HARTFORD, Conn. (WTNH) — As more older people are being vaccinated against COVID-19 in Connecticut, new COVID variants are sending younger people to the hospital. Health experts are recommending caution as the Easter holiday approaches.

For the past year we have been hearing that COVID largely impacts adults, the older generation, but now since the vaccine has been rolling out, new numbers are in. They took a closer look at it and it turns out the younger generation now more vulnerable than ever.

Dr. Juan Salazar of Connecticut Children’s told News 8, “15% of the COVID-19 cases occur in children under the age of 19, and many under the age of 16. The good news is most of them do well.”

But the number of hospitalizations is growing in the age group 20-29.

Dr. Thomas Balcezak of Yale New Haven Health explained, “Last week we admitted and intubated a 21-year-old, really very unusual. There are now two pediatric patients in our ICU. With COVID, it really is hitting a much younger population, much harder than it has in the first wave or the second wave ending in late December.”

Yale doctors believe the cause is the new B.1.1.7 – the UK variant – that now makes up 40% of the virus in Connecticut. At Connecticut Children’s they are also seeing kids admitted with COVID.

Dr. Salazar: “We have seen close to 130 kids here at Connecticut Children’s in the past 14 months. They have all survived, which is really good news. So be careful; we are not out of this yet, vaccinate!”

So for the Johnson & Johnson and Moderna vaccines, you have to be 18 and older to get it. For the Pfizer vaccine, 16 and older. The younger age groups are being studied right now to see if they can get the vaccine.
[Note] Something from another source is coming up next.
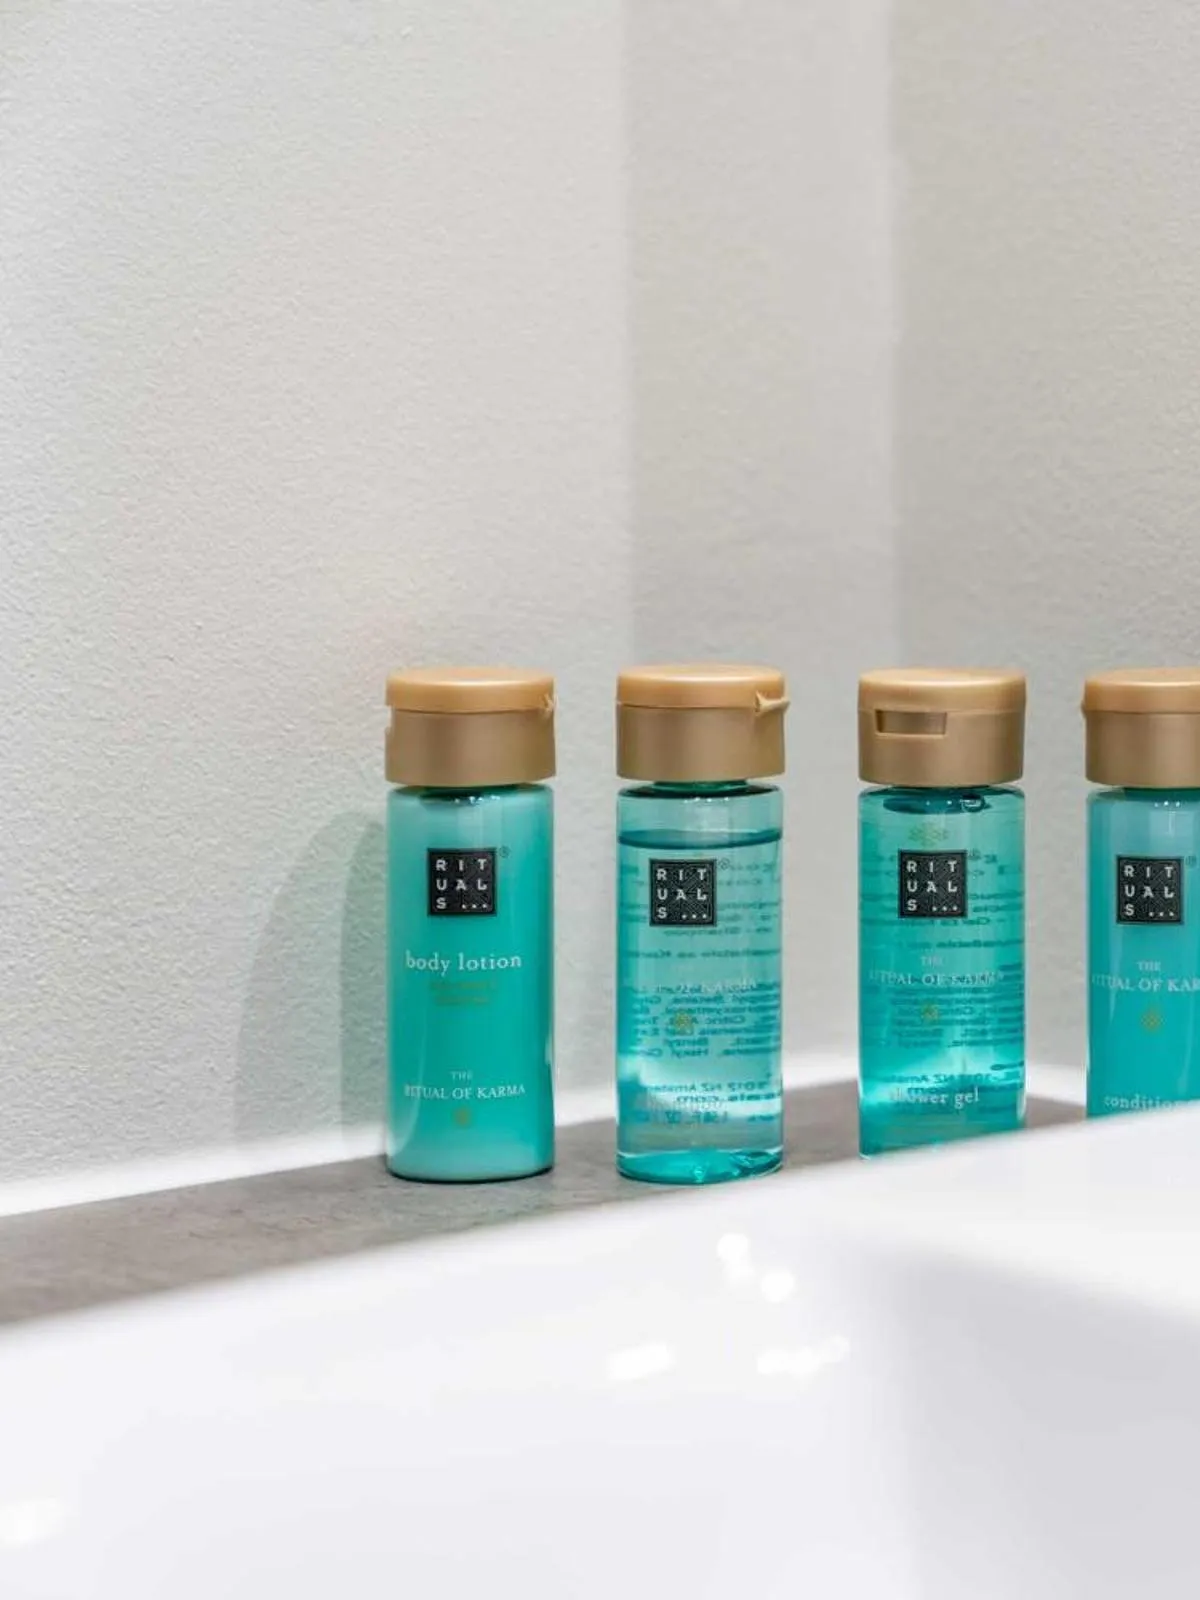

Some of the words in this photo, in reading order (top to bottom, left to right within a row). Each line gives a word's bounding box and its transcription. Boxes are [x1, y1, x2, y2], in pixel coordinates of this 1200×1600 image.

Dr. Salazar said, “Studies are being done right now and by summertime, we may have it available to 12-year-olds at above. And the studies are beginning now to six months and above, so hopefully by wintertime, we can vaccinate the rest of the population.”

And with Easter this weekend, egg hunts are perfect place to transmit the virus between kids.

“Be careful, there is still a lot of community transmission in Connecticut,” Dr. Salazar warned. “The northeast remains a hotspot in the country.”

Connecticut Children’s is now looking to do a long-term study on the ‘long haulers’ disease and children. They say they are applying for funding and hope to be able to look at this over the next four years.